IV. EXAMEN DES ARTICLES RATTACHÉS

A. ARTICLE 81 RATTACHÉ

L'article 81 du projet de loi de finances pour 2004, rattaché, pour son examen, aux crédits de la santé et de la solidarité, vise à majorer des taxes et redevances affectées à l'Agence française de sécurité sanitaire des produits de santé (AFSSAPS).

L'Agence française de sécurité sanitaire des produits de santé 10 ( * ) (AFSSAPS), établissement public administratif de l'Etat créé par la loi n° 98-535 du 1 er juillet 1998, est responsable de la sécurité sanitaire des produits de santé destinés à l'homme, tels que les médicaments, les produits sanguins labiles, les organes, tissus et cellules, les produits de thérapie cellulaire et génique, les produits thérapeutiques annexes, les dispositifs médicaux, les réactifs de laboratoires ou certaines variétés d'aliments diététiques destinés à des fins médicales spéciales, ainsi que des produits à finalité cosmétique ou d'hygiène corporelle.

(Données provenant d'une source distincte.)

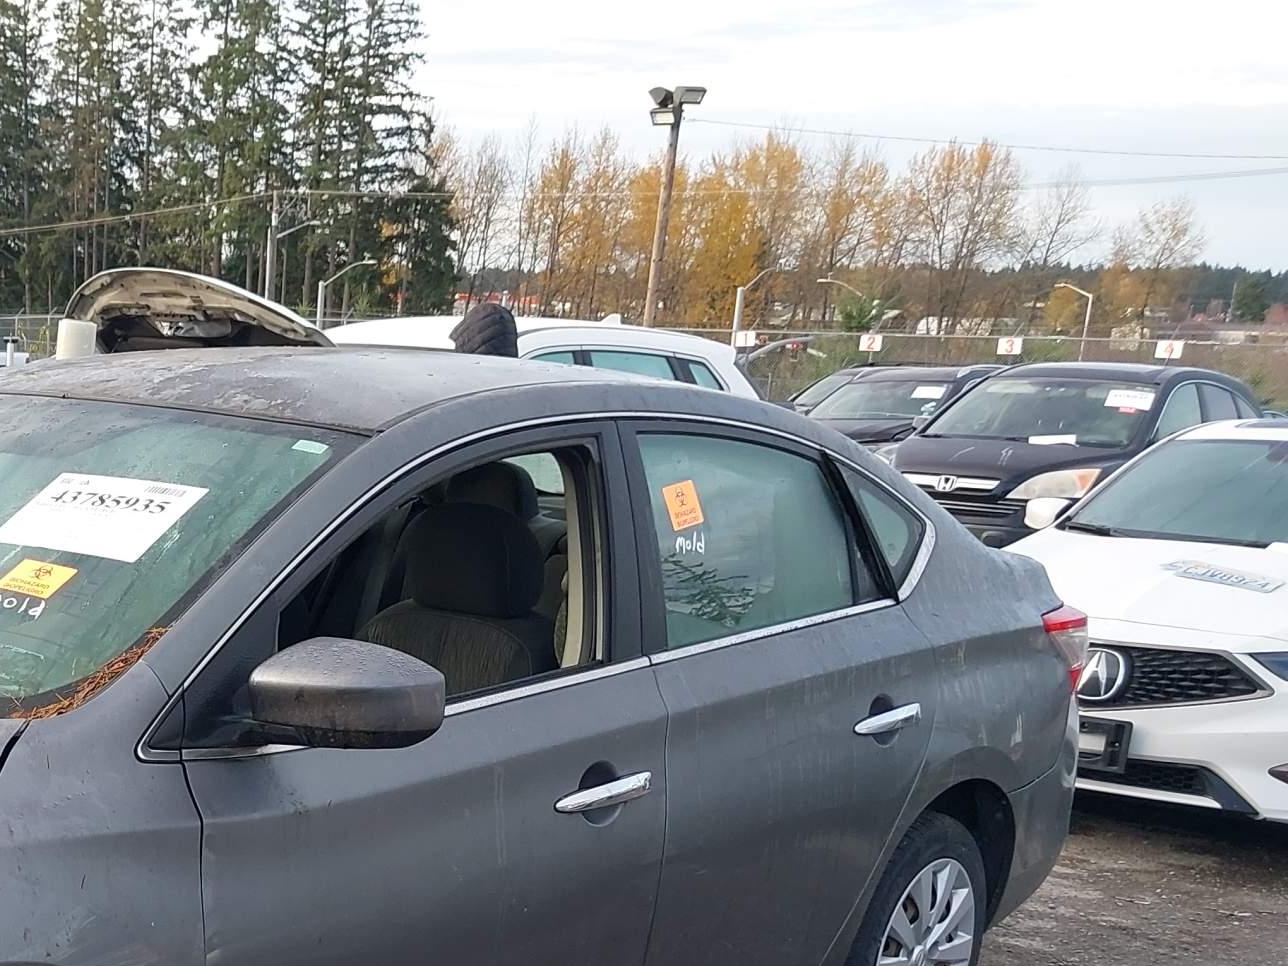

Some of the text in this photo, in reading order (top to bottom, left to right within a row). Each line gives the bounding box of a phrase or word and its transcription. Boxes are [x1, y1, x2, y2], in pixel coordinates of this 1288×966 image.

[865, 337, 876, 351] 2
[1005, 339, 1015, 353] 3
[50, 490, 173, 514] 43785935
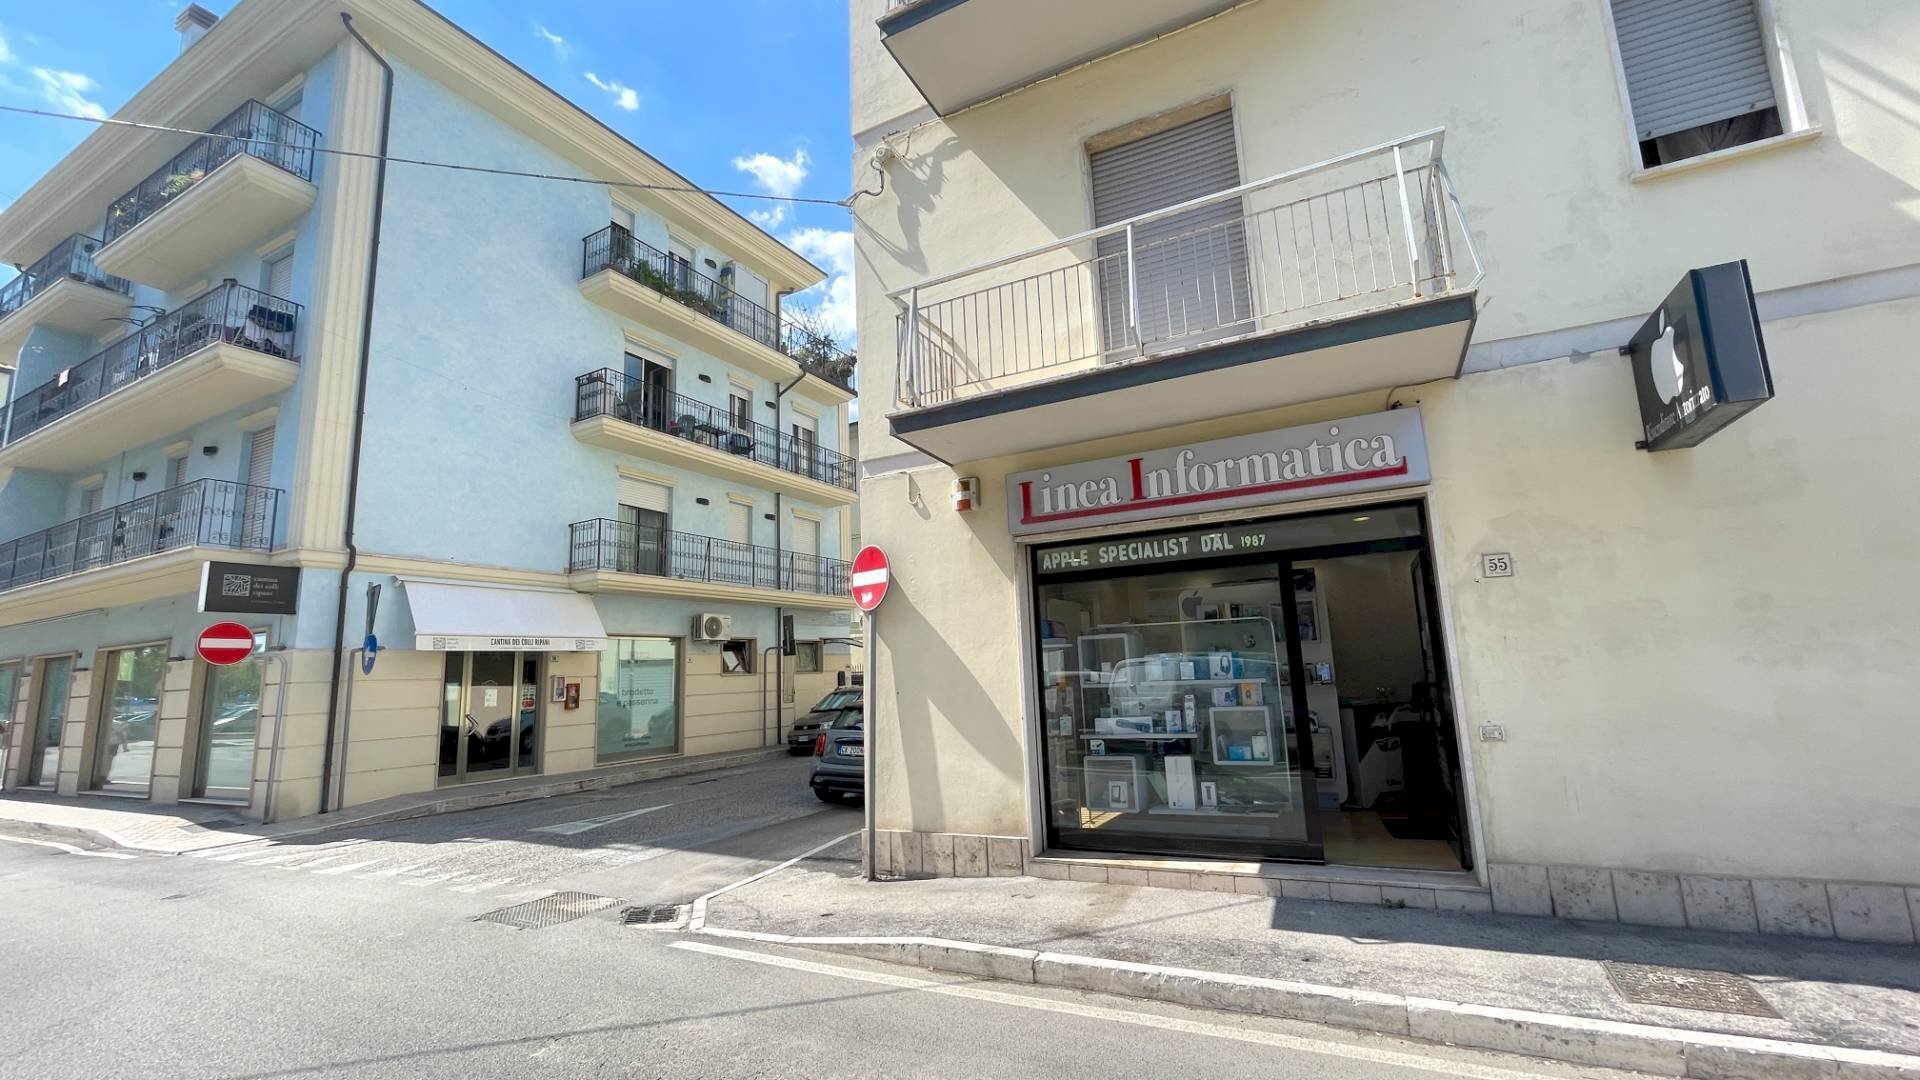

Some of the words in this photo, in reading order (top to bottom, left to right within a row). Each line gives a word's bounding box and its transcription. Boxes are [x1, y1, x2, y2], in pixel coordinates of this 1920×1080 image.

[1018, 472, 1122, 525] Linea
[1127, 425, 1402, 502] Informatica
[1043, 549, 1089, 570] APPLE
[1099, 537, 1190, 564] SPECIALIST
[1200, 532, 1234, 552] DAL
[1240, 534, 1266, 547] 1987
[1488, 557, 1508, 571] 55
[490, 638, 511, 646] CANTINA
[521, 638, 534, 646] COLLI
[534, 638, 551, 646] RIPANI

L'établissement disposait à sa création d'un dispositif de taxes et redevances sur les médicaments et les réactifs de laboratoire dont était dotée l'Agence du médicament, à laquelle il a succédé. Ce dispositif a été complété par la création, en loi de finances pour 2001, de taxes sur le chiffre d'affaires des dispositifs médicaux (articles L. 5211-5-2 et L. 5221-7 du code de la santé publique) ainsi que sur les demandes d'inscription de dispositifs médicaux sur la liste prévue à l'article L. 165-1 du code de la sécurité sociale (article L. 5211-5-1 du même code).

Le présent article majore ces taxes, parfois dans des proportions importantes. Cinq modifications sont prévues.

1. Le droit progressif d'autorisation de mise sur le marché de médicaments

Le droit progressif sur les demandes d'autorisation de mise sur le marché de médicaments (AMM) est prévu à l'article L. 5121-16 du code de la santé publique. Le montant plafond de cette taxe a été fixé par la loi n° 95-116 du 4 février 1995 à 150.000 francs. L'ordonnance n° 2000-916 du 19 septembre 2000 a converti ce montant en euros, à 23.000 euros selon les règles de transposition. Ce montant est appliqué aux dossiers d'AMM contenant un nouveau principe actif.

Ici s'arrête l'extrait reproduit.